> **TASK TO CARRY OUT**
All entries need to be written out verbatim, with pictures omitted.

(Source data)
--------------------------------------------------
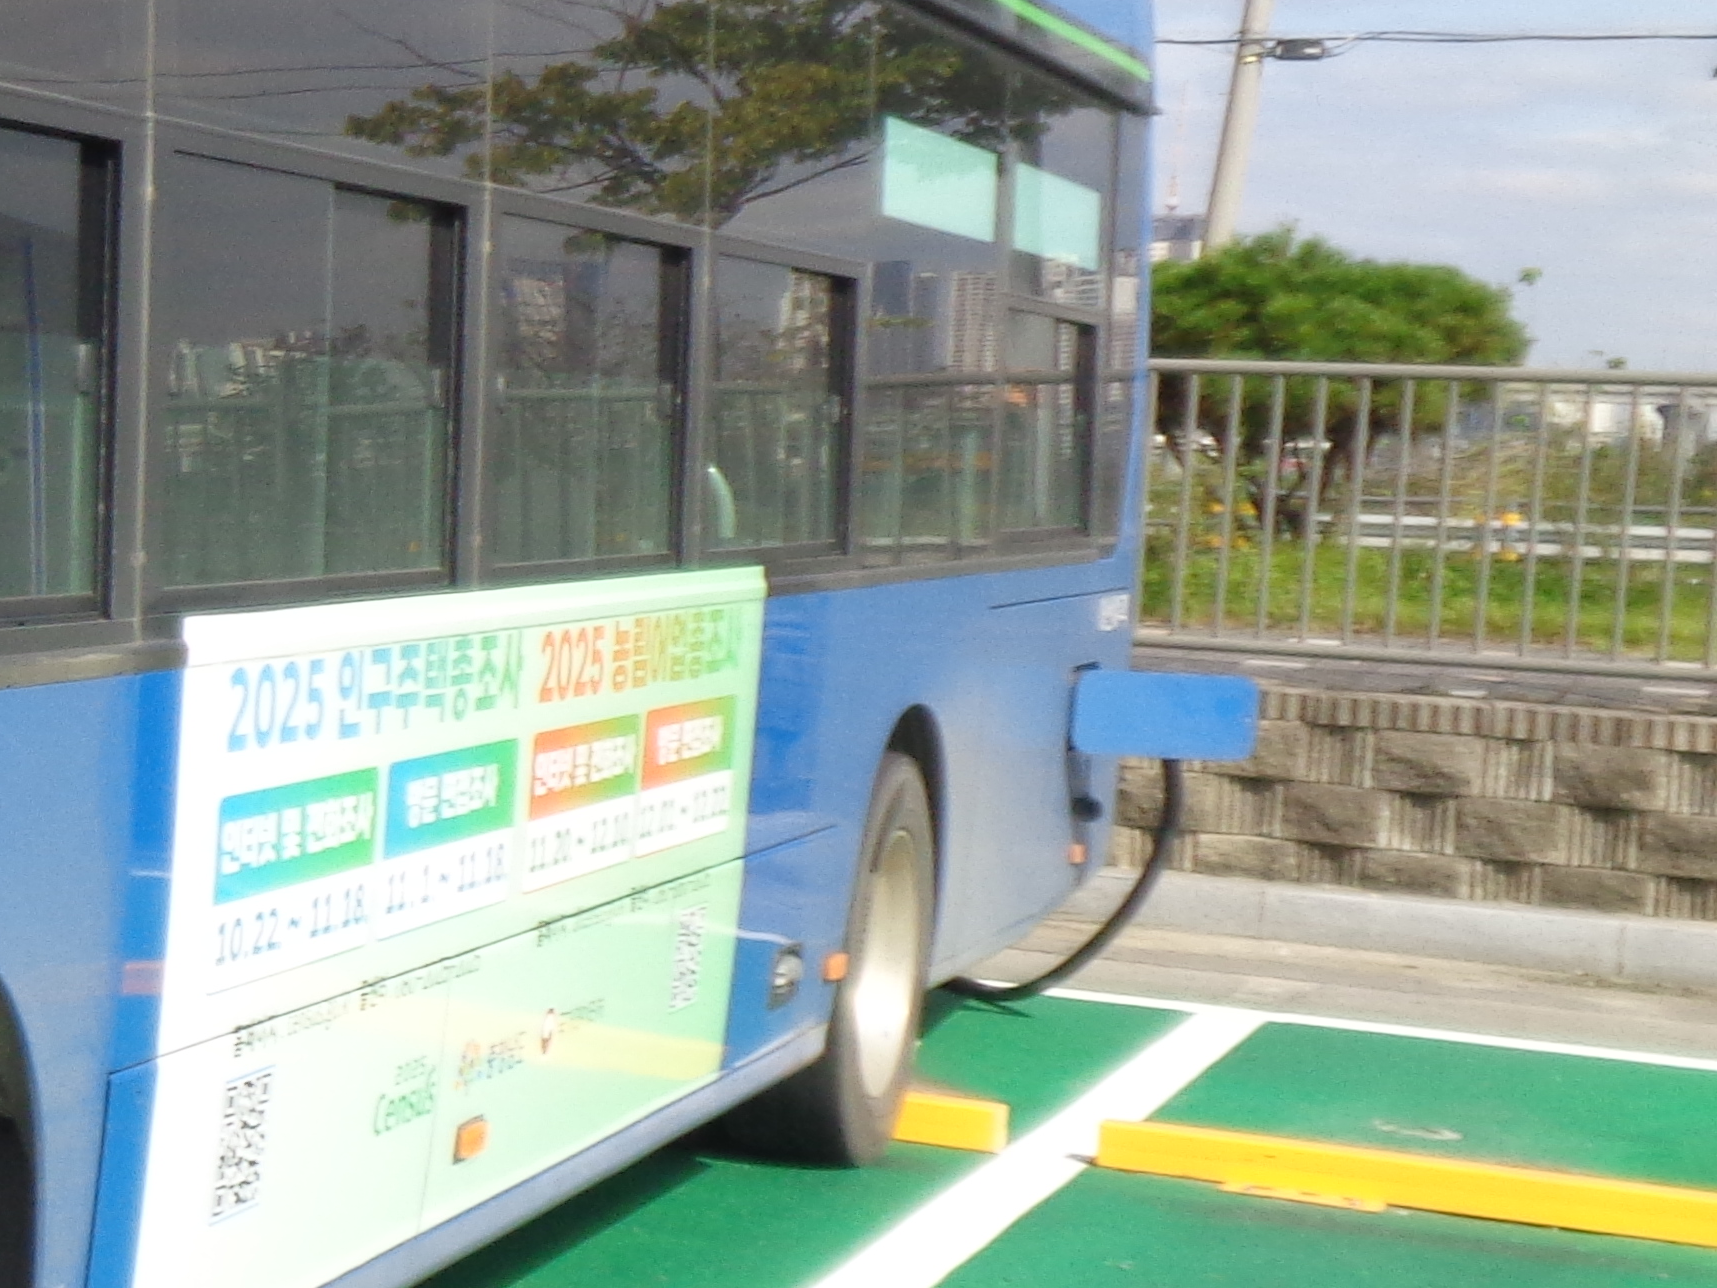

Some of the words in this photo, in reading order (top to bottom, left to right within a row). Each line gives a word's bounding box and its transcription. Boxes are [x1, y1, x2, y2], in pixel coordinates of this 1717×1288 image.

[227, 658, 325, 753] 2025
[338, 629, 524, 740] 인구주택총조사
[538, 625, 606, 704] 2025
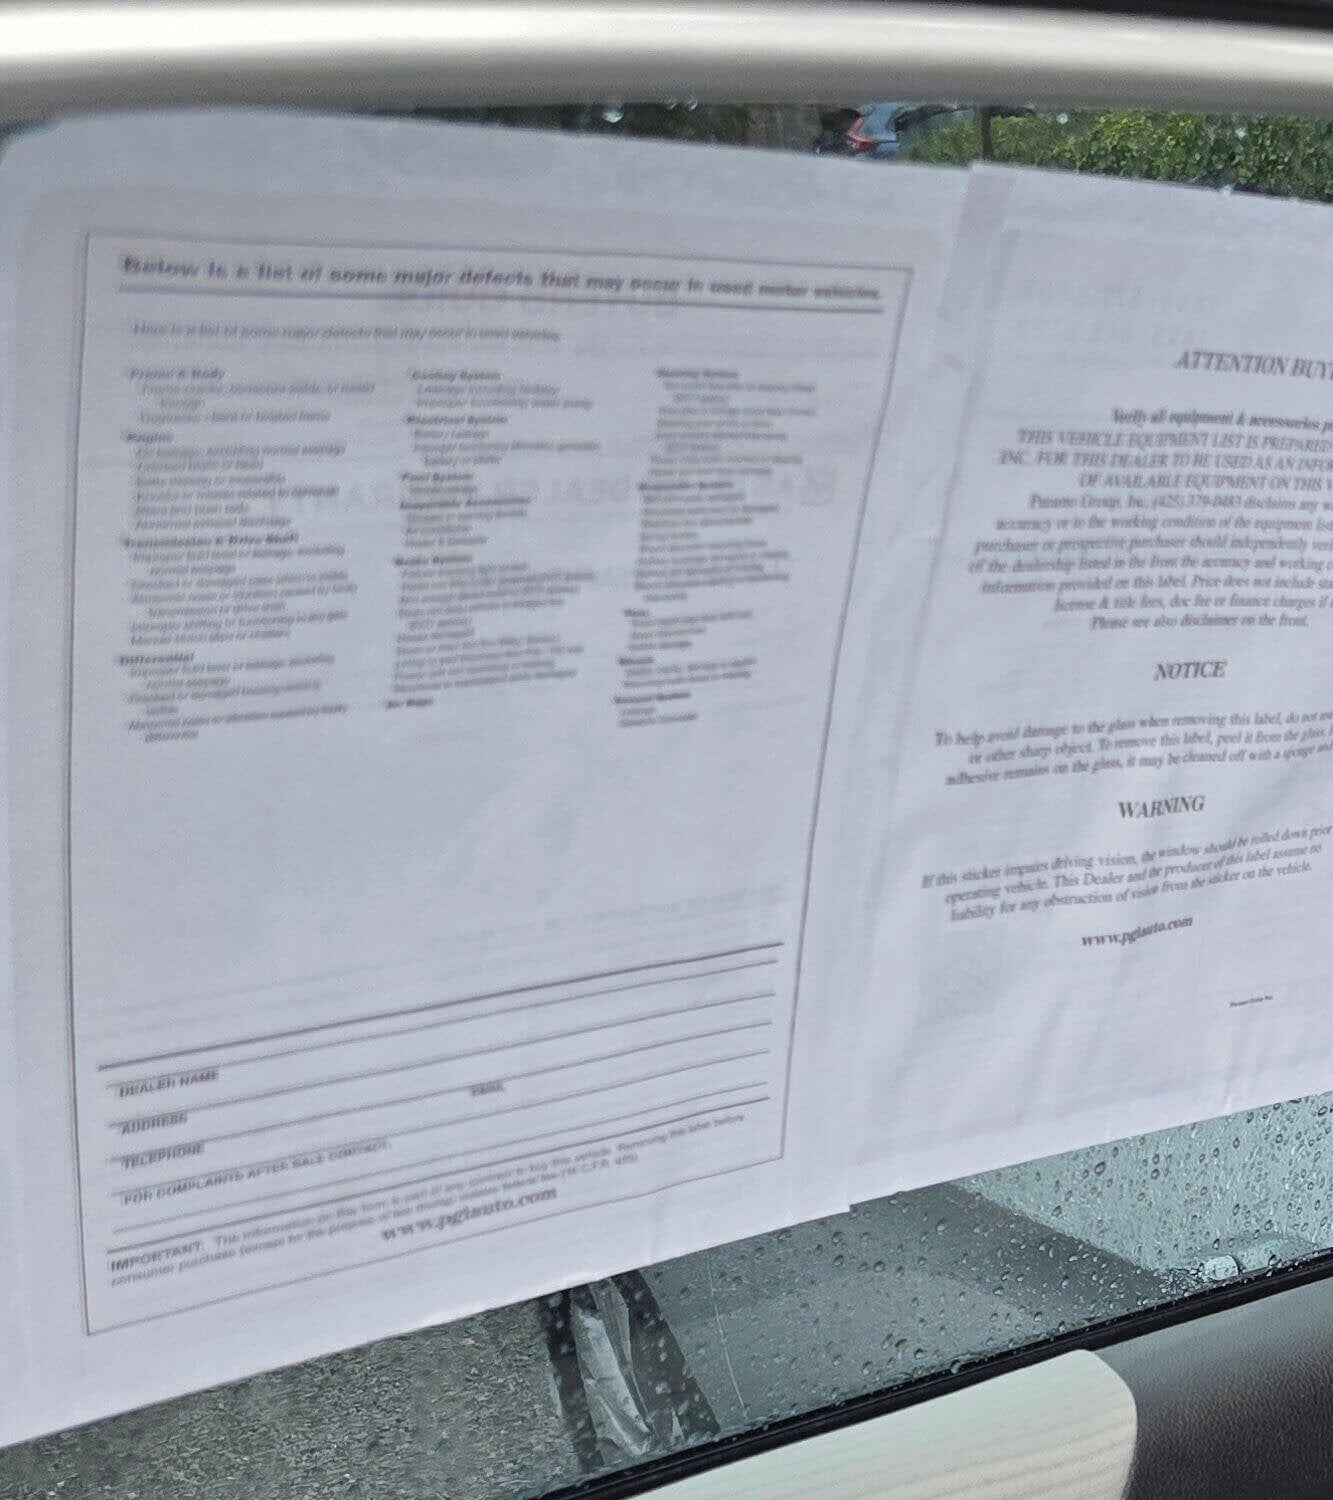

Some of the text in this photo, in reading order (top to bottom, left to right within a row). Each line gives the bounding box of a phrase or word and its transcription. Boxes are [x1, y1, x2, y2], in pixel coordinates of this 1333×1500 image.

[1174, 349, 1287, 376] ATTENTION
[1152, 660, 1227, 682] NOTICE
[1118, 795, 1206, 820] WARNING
--------------------------------------------------
> **EXERCISE OUTPUT**
Some of the words in this photo, in reading order (top to bottom, left to right within a row). Each line gives a word's bounding box and its transcription. Boxes are [x1, y1, x2, y2], in pixel coordinates of this 1717×1288 image.

[227, 658, 325, 753] 2025
[338, 629, 524, 740] 인구주택총조사
[538, 625, 606, 704] 2025

Some of the text in this photo, in reading order (top to bottom, left to right within a row). Each line gives the bounding box of a phrase or word and its transcription. Boxes are [x1, y1, x2, y2], in pixel coordinates of this 1333×1500 image.

[1174, 349, 1287, 376] ATTENTION
[1152, 660, 1227, 682] NOTICE
[1118, 795, 1206, 820] WARNING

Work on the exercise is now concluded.